Visão de Crianceira
A pedagogia das aprendências, essa que nasce do ventre da infância, não se ensina apenas com palavras, mas com silêncios e gestos. Porque, se a gente fala a partir de ser criança, fala com a alma que ainda não se separou das raízes da natureza, fala como quem pertence a um lugar onde o mundo não se divide, mas se comunica. Fala como quem sente o orvalho que escorre da folha, a aranha que pacientemente constrói sua teia, as garças que voam na mesma tarde, e o pássaro que canta no topo da árvore. Porque a infância, essa época mágica e pura, nos ensina a ver o mundo com os olhos de quem está aprendendo a se reconhecer em tudo o que existe.
Era assim, num tempo perdido, que eu aprendi a perceber o escuro como uma fonte de luz. Não um escuro medroso ou sombrio, mas um escuro que se acende quando a mente ainda não se fechou para as possibilidades. No jogo entre luz e sombra, descobri que o escuro tem seu próprio brilho, uma revelação escondida que só a criança é capaz de enxergar. E essa visão, oblíqua e curiosa, que me acompanha até hoje, eu sei que vem de um lugar profundo e essencial onde não havia barreiras entre eu e o mundo. Onde eu era, simultaneamente, o menino e o sol, o menino e o rio, o menino e as árvores. Eu era uma parte da paisagem, e a paisagem era uma parte de mim.
Esse olhar não se perde. Ele se reinventa na experiência e se transforma em sabedoria de quem já foi capaz de ver o que está além das formas, além das aparências. Quando o adulto tenta explicar a vida por meio de conceitos rígidos, a criança, com seu olhar livre, já sabe que a vida não pode ser contida. Ela pulsa no ritmo da árvore que cresce, no voo da garça que se eleva sem pressa, na fluidez do rio que nunca é o mesmo.

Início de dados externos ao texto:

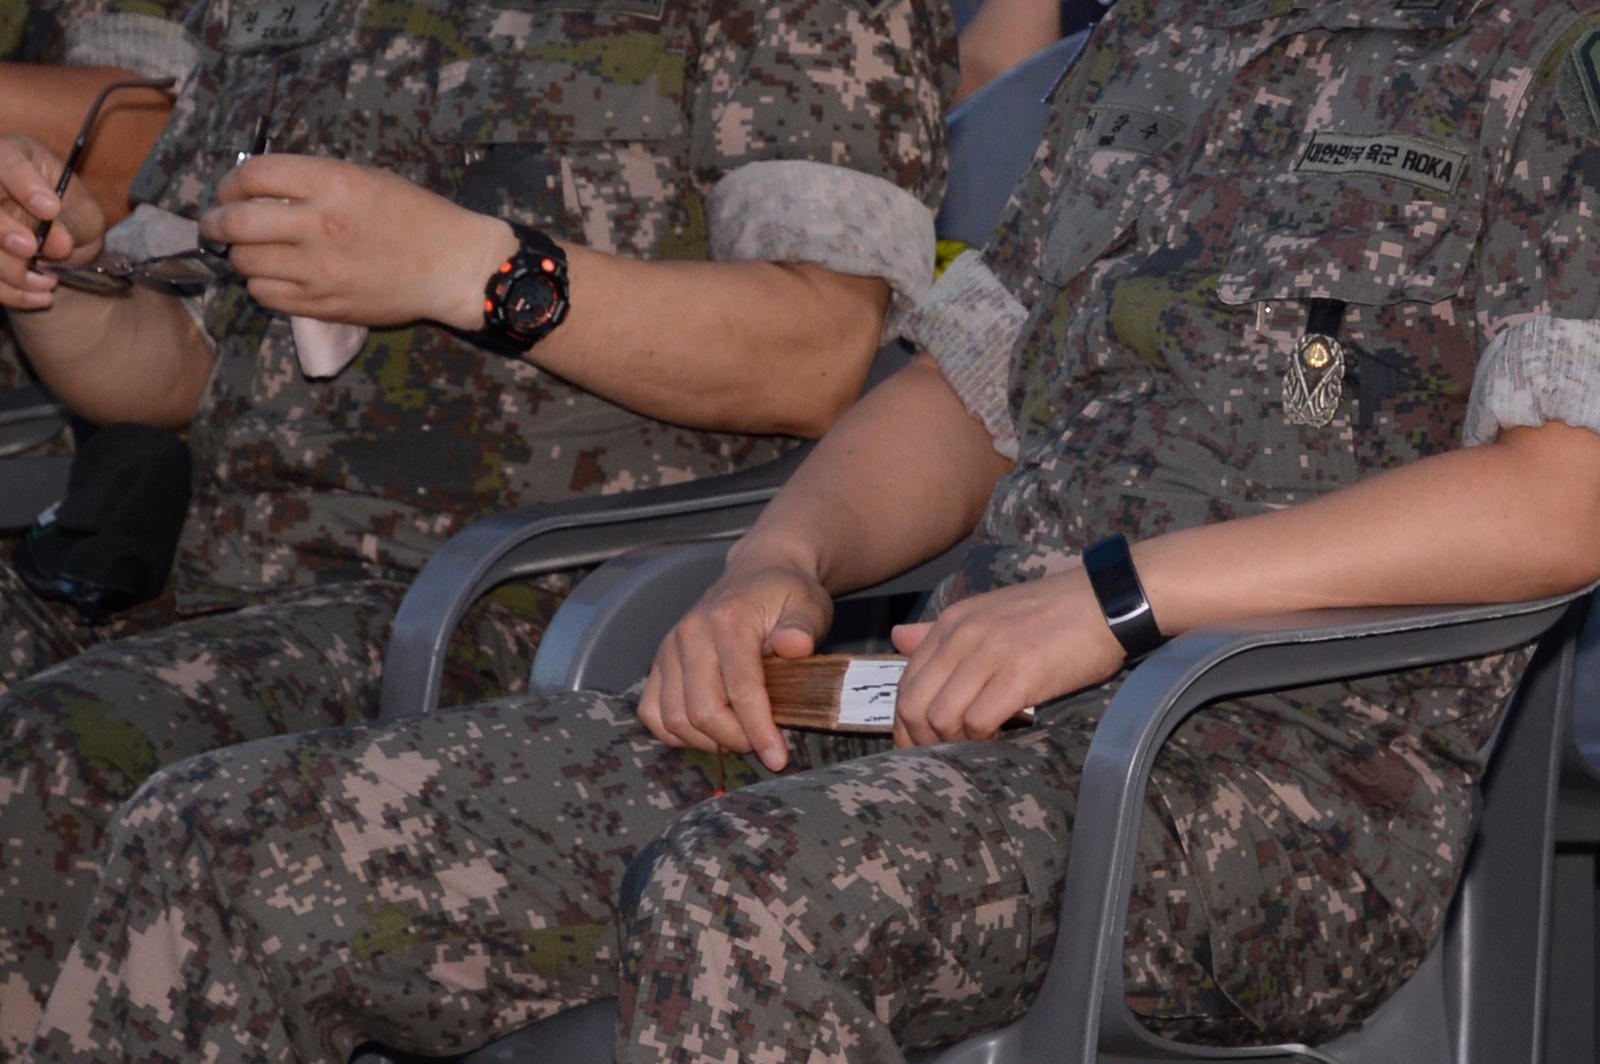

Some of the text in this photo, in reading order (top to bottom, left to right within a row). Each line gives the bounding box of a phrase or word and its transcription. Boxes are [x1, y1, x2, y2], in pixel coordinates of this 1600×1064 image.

A pedagogia das aprendências, portanto, não é feita de ensinamentos formais ou prontos. Ela é feita de comunhão. Uma comunhão que não precisa de palavras para se entender. Uma comunhão que respeita a natureza da criança e o seu tempo de ser. O menino, no seu lugar perdido, não precisava ser ensinado sobre o mundo; ele simplesmente o vivia. Ele sabia que o sol era seu amigo e que o rio, com sua correnteza tranquila, levava mais do que pedras e folhas: ele levava sonhos. Ele sabia que, no escuro da noite, havia algo a ser aprendido.
Quando trazemos essa visão crianceira para a pedagogia de hoje, não estamos apenas tentando recordar um passado distante, mas sim reconectar-nos com a sabedoria que a infância nos oferece. Uma sabedoria que, no fundo, não ensina a criança, mas permite que ela aprenda por meio da comunhão com o mundo que a rodeia. E, assim, a educação verdadeira se torna um espaço de troca constante, onde as experiências se misturam, onde a natureza se faz mesttra e o saber se dá pela vivência, pela percepção do todo, onde o menino e a árvore, o menino e o rio, o menino e a garça, são todos partes de um único ensinamento.
Porque, no fim, é isso que a pedagogia das aprendências nos ensina: a arte de aprender com o mundo, de ver com os olhos da criança e, talvez, descobrir que o verdadeiro conhecimento está em saber se perder para se encontrar.